AI has reconstructed Christ's face from the imprint on the Shroud of Turin.

AI has generated a portrait of Jesus using the faint facial imprint on the Shroud of Turin, a burial cloth long believed to have wrapped the crucified Messiah.

In the AI image, Jesus appears fair-skinned with large blue eyes, a neat beard, and facial and bodily wounds that reflect his suffering. This portrayal differs somewhat from the traditional images seen in icons.

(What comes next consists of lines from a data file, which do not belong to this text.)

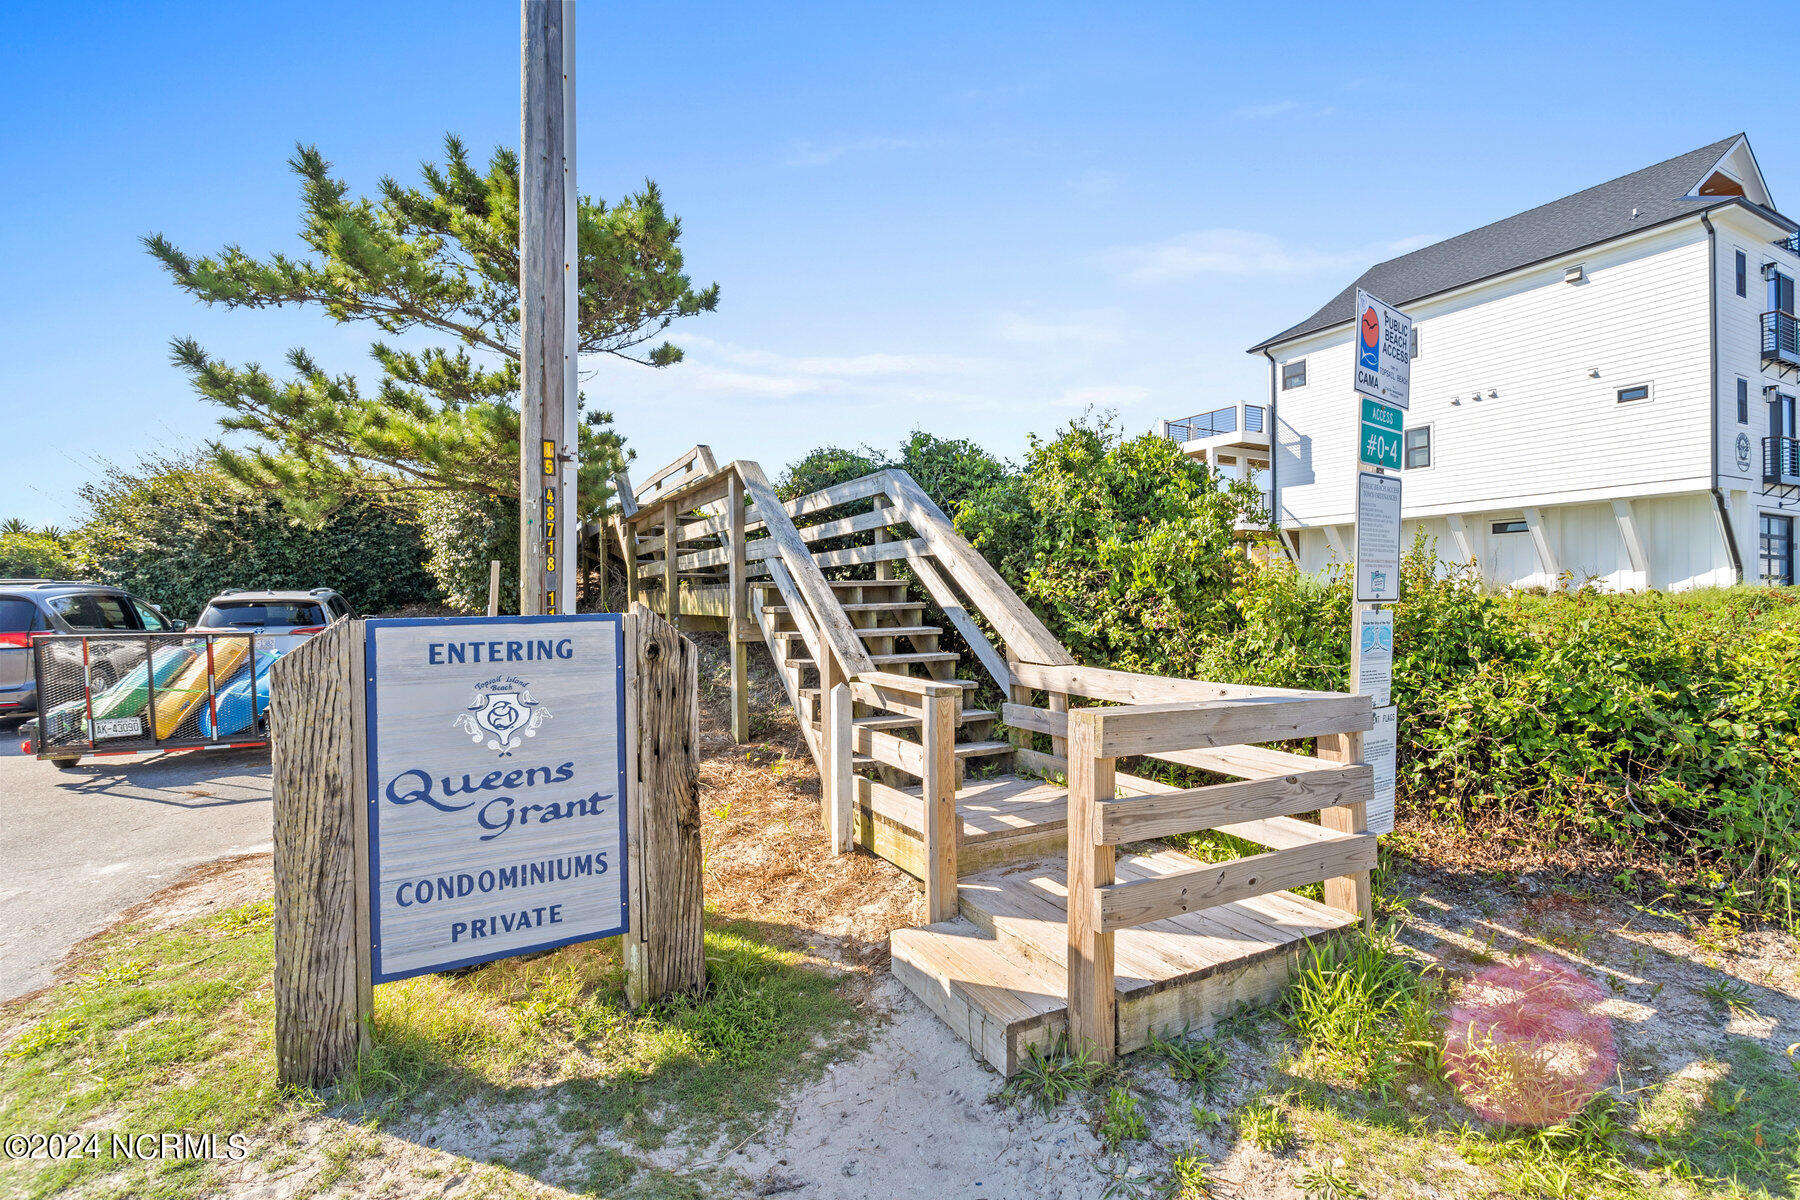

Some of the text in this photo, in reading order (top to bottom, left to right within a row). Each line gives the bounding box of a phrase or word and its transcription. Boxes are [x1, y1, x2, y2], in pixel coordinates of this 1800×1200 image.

[1384, 315, 1408, 337] PUBLIC
[1384, 328, 1408, 350] BEACH
[1382, 342, 1409, 364] ACCESS
[1358, 370, 1379, 389] CAMA
[1380, 366, 1396, 380] TOPSAIL
[1372, 407, 1394, 425] ACCESS
[1366, 433, 1398, 463] #0-4
[546, 488, 555, 572] 48718
[428, 638, 574, 664] ENTERING
[474, 675, 530, 690] Topsail Island
[96, 722, 140, 735] AK-43090
[385, 761, 575, 812] Queens
[477, 792, 614, 841] Grant
[395, 851, 608, 908] CONDOMINIUMS
[451, 904, 563, 943] PRIVATE

The Relic That Preserved the Face of Jesus

Recently, a team from the Institute of Crystallography in Bari and the University of Padua in Italy used X-ray analysis to date the Shroud of Turin at more than 2,000 years old. That timeframe overlaps with the period traditionally associated with Christ’s death, according to the outlet HouseWife. The linen cloth, measuring 4.41 by 1.13 meters and kept in the Cathedral of Turin, shows a brown imprint of a face and body that many believe are his. The marks on the body match the wounds the Bible describes Jesus sustaining during the crucifixion.

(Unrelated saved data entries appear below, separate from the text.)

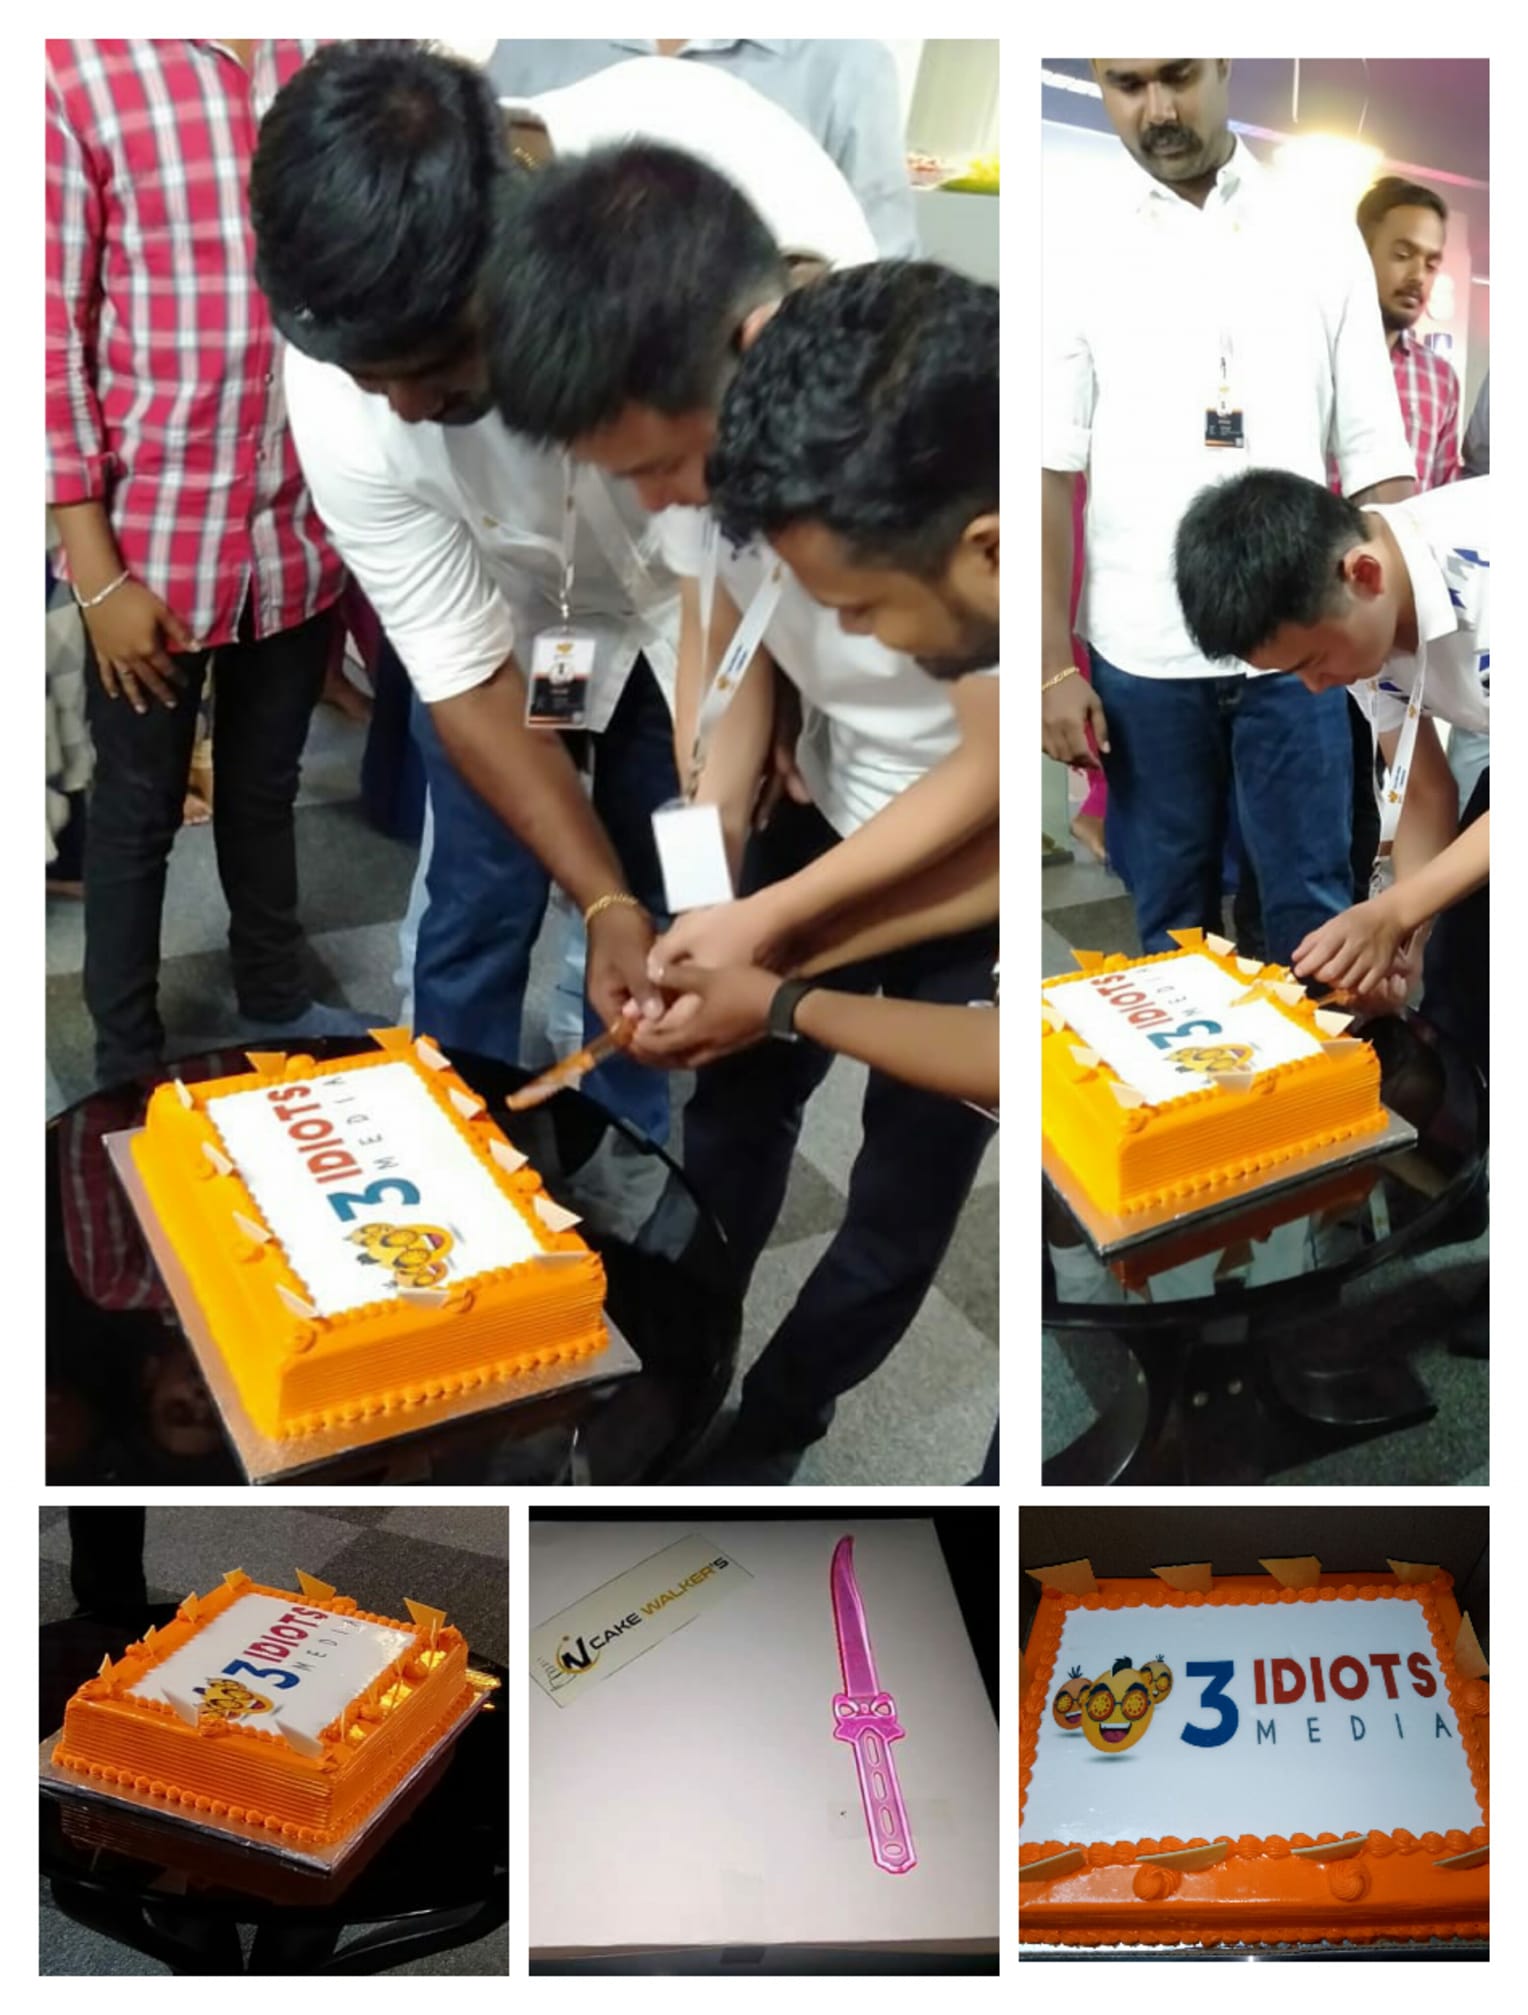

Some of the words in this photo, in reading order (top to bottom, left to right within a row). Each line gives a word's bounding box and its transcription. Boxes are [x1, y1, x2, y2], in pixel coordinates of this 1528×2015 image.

[1090, 974, 1174, 1030] IDIOTS
[1146, 1019, 1223, 1050] 3
[267, 1085, 363, 1184] IDIOTS
[323, 1076, 399, 1170] MEDIA
[326, 1177, 421, 1222] 3
[589, 1612, 642, 1650] CAKE
[641, 1556, 730, 1616] WALKER'S
[243, 1606, 329, 1664] IDIOTS
[221, 1659, 301, 1690] 3
[1179, 1660, 1239, 1748] 3
[1253, 1651, 1438, 1705] IDIOTS
[1256, 1711, 1453, 1745] MEDIA

AI has reconstructed Christ's face from the imprint on the Shroud of Turin.

Tim Anderson, a researcher at the Georgia Institute of Technology, said there is no explanation for how the image formed on the fabric.

When the Shroud of Turin was first displayed in the 1350s, it was presented as the authentic burial cloth that had wrapped Christ’s mutilated body after his crucifixion. In the 1980s, researchers challenged the shroud’s authenticity and dated it to the Middle Ages, as reported by the Daily Mail. Only now have researchers restored some credibility to the relic and argued for a much older age.